> _Exercise_:
The data below is to be written out exactly, with no pictures.

> _Data listing_:

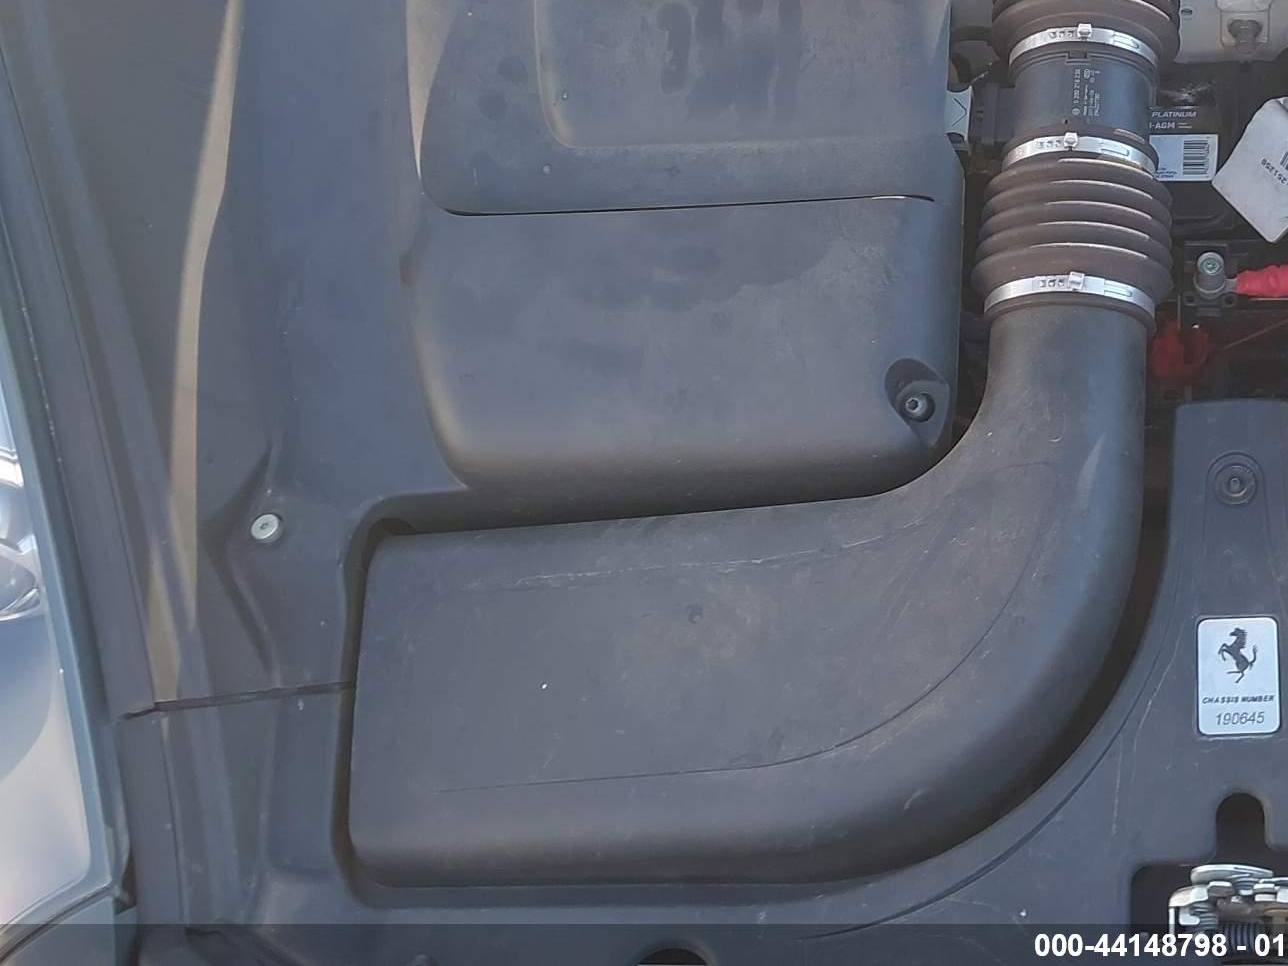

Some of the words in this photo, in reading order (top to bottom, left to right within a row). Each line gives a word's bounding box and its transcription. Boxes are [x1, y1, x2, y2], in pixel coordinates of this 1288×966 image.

[1151, 111, 1198, 119] PLATINUM
[1202, 696, 1239, 704] CHASSIS
[1240, 694, 1275, 703] NUMBER
[1216, 711, 1265, 725] 190645
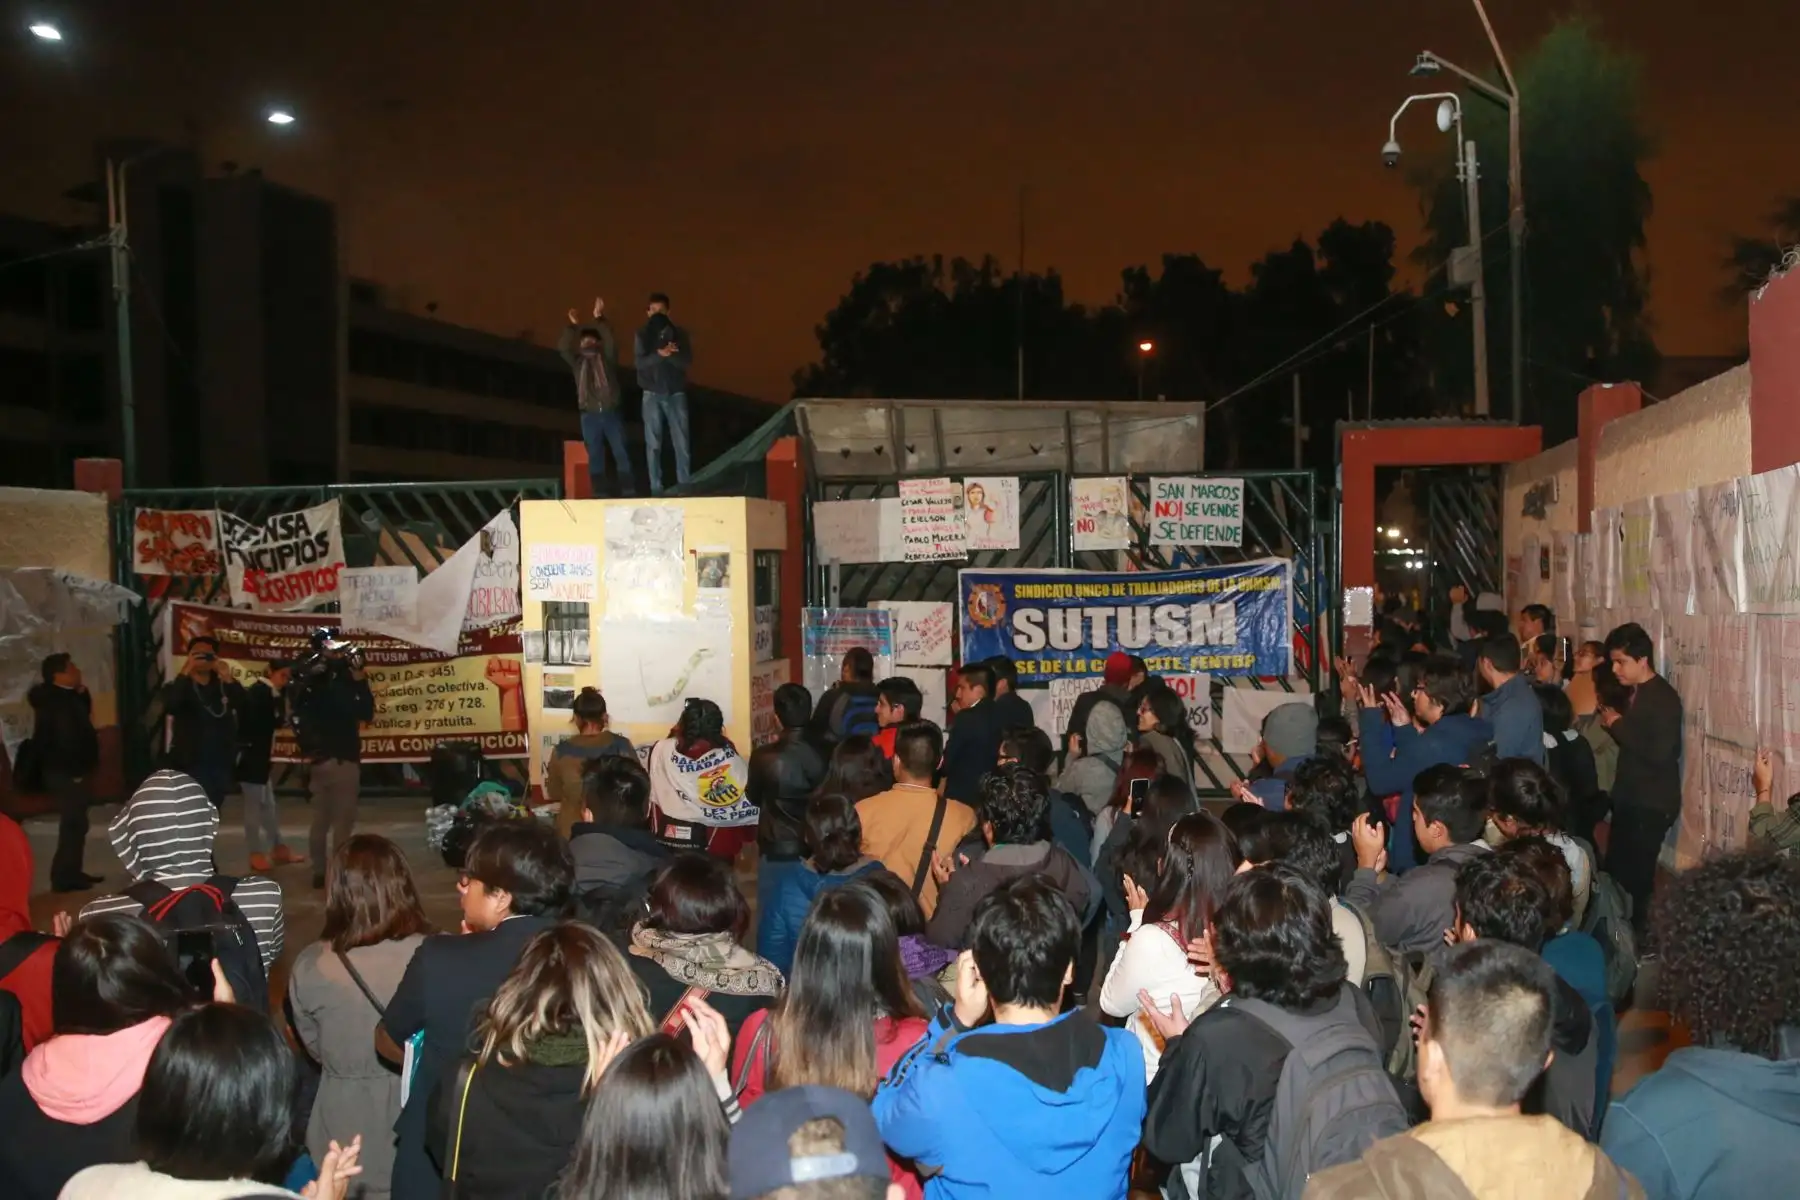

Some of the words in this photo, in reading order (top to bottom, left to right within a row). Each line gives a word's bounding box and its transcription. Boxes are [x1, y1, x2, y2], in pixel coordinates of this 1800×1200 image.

[1157, 483, 1185, 499] SAN
[1190, 484, 1240, 500] MARCOS
[1155, 500, 1183, 521] NO!
[1185, 502, 1200, 516] SE
[1202, 503, 1240, 518] VENDE
[1076, 518, 1095, 534] NO
[1154, 521, 1178, 540] SE
[1180, 525, 1241, 543] DEFIENDE
[904, 535, 930, 545] PABLO
[1014, 584, 1072, 599] SINDICATO
[1075, 584, 1110, 597] UNICO
[1112, 583, 1126, 596] DE
[1128, 578, 1205, 596] TRABAJADORES
[233, 620, 304, 634] UNIVERSIDAD
[1012, 601, 1237, 651] SUTUSM
[1015, 660, 1036, 674] SE
[1039, 660, 1062, 674] DE
[1066, 660, 1087, 673] LA
[447, 702, 455, 712] y
[413, 720, 422, 730] y
[400, 732, 528, 752] CONCIÓN
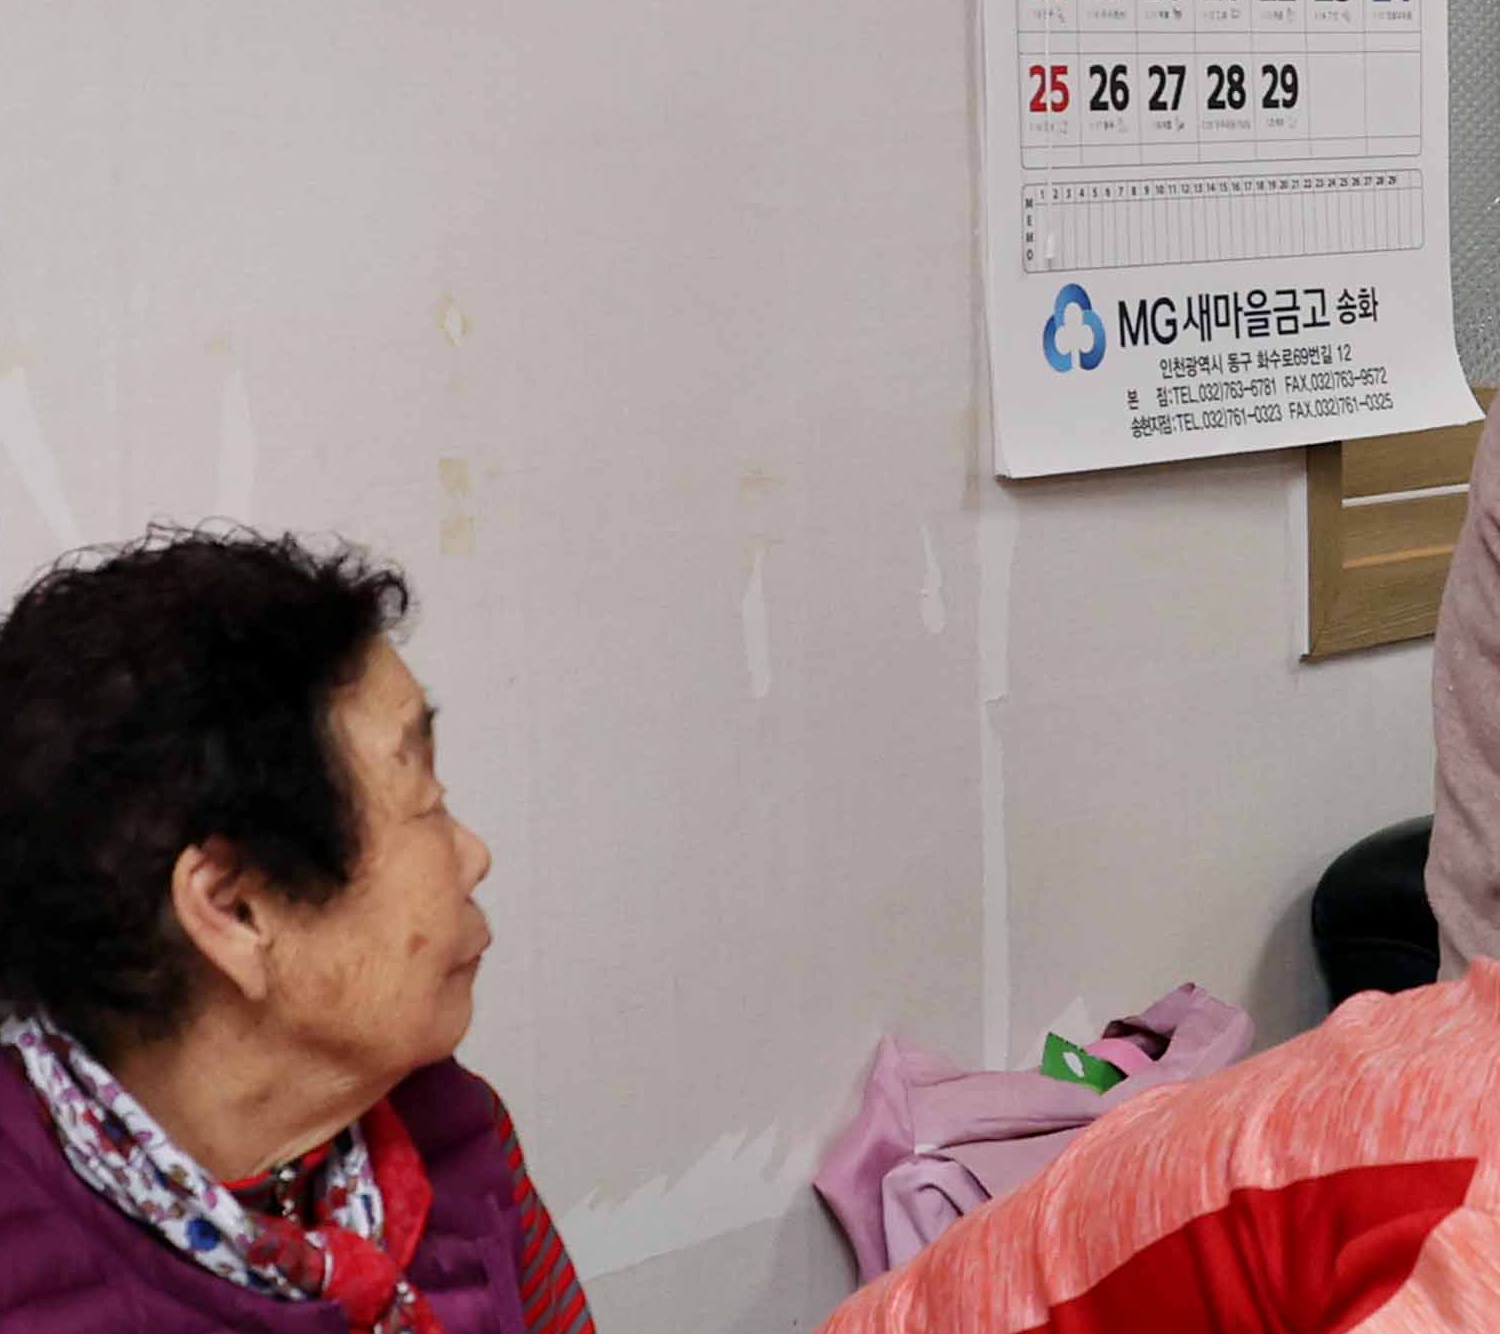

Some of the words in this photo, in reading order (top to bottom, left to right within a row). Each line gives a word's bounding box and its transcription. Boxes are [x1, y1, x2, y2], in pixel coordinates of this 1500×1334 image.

> _Response for this exercise_:
Some of the words in this photo, in reading order (top to bottom, left to right within a row). Each line gives a word's bounding box and its transcription. Boxes are [x1, y1, x2, y2], in pixel coordinates of this 1288×966 image.

[1151, 111, 1198, 119] PLATINUM
[1202, 696, 1239, 704] CHASSIS
[1240, 694, 1275, 703] NUMBER
[1216, 711, 1265, 725] 190645

Some of the words in this photo, in reading order (top to bottom, left to right within a row). Each line gives a word's bounding box and its transcription. Boxes are [x1, y1, x2, y2], in pixel coordinates of this 1800×1200 image.

[1157, 483, 1185, 499] SAN
[1190, 484, 1240, 500] MARCOS
[1155, 500, 1183, 521] NO!
[1185, 502, 1200, 516] SE
[1202, 503, 1240, 518] VENDE
[1076, 518, 1095, 534] NO
[1154, 521, 1178, 540] SE
[1180, 525, 1241, 543] DEFIENDE
[904, 535, 930, 545] PABLO
[1014, 584, 1072, 599] SINDICATO
[1075, 584, 1110, 597] UNICO
[1112, 583, 1126, 596] DE
[1128, 578, 1205, 596] TRABAJADORES
[233, 620, 304, 634] UNIVERSIDAD
[1012, 601, 1237, 651] SUTUSM
[1015, 660, 1036, 674] SE
[1039, 660, 1062, 674] DE
[1066, 660, 1087, 673] LA
[447, 702, 455, 712] y
[413, 720, 422, 730] y
[400, 732, 528, 752] CONCIÓN

Some of the words in this photo, in reading order (top to bottom, left to right within a row). Each line gives a word's bounding box and its transcription. Boxes are [x1, y1, x2, y2], in pixel coordinates of this 1500×1334 image.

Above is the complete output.